Microbial Metropolis - A Microbial Biofilm CommunityJournal: International Journal of Science and Research (IJSR) (Vol.7, No. 9)
Publication Date: 2018-09-05
Authors : Sivapriya.S.L;
Page : 1560-1566
Keywords : biofilms; exopolysaccharide; conditioning films; substratum effect;
Microorganisms can form tightly bind communities such as biofilms. Many others include marine snow, anaerobic digester granules, the ginger beer plant, bacterial colonies, effluent treatment floc and food associated systems. Biofilm-associated cells can be differentiated from their suspended counterparts by generation of an extracellular polymeric substance (EPS) matrix, reduced growth rates, and the up and down regulation of specific genes. The solid-liquid interface between a surface and an aqueous medium (e. g. , water, blood etc. ) provides an ideal environment for the attachment and growth of microorganisms (Gillings et. al. , 2008). Attachment is a complex process regulated by diverse characteristics of the growth medium, substratum and cell surface.

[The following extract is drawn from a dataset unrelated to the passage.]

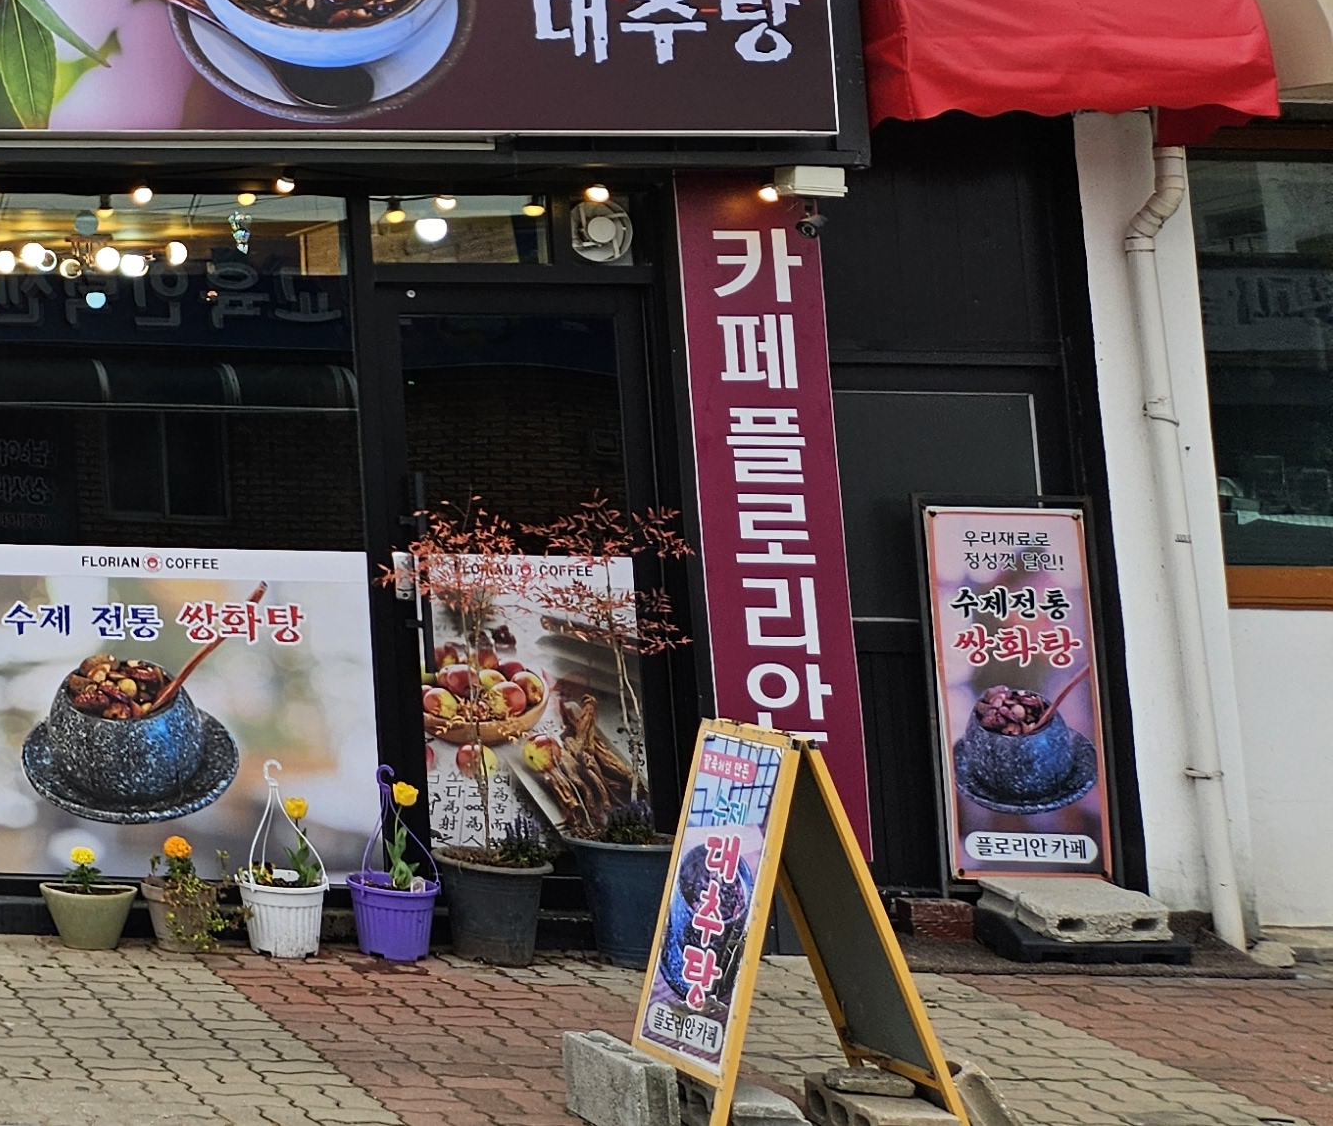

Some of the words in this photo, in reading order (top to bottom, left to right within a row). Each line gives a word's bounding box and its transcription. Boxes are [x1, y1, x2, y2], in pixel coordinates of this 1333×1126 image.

An established biofilm structure comprises microbial cells and EPS, has a defined architecture and provides an optimal environment for the exchange of genetic material between cells. (Sur, 2008). As the origins of EPS are complex, many factors could influence the production of EPS. In future the roles of EPS components become known, identification of such key factors would then be very useful to manipulate the EPS compositions and contents in microbial aggregates and thus to improve the functions of microbial aggregates, e. g. , flocculation, settlement and dewatering abilities.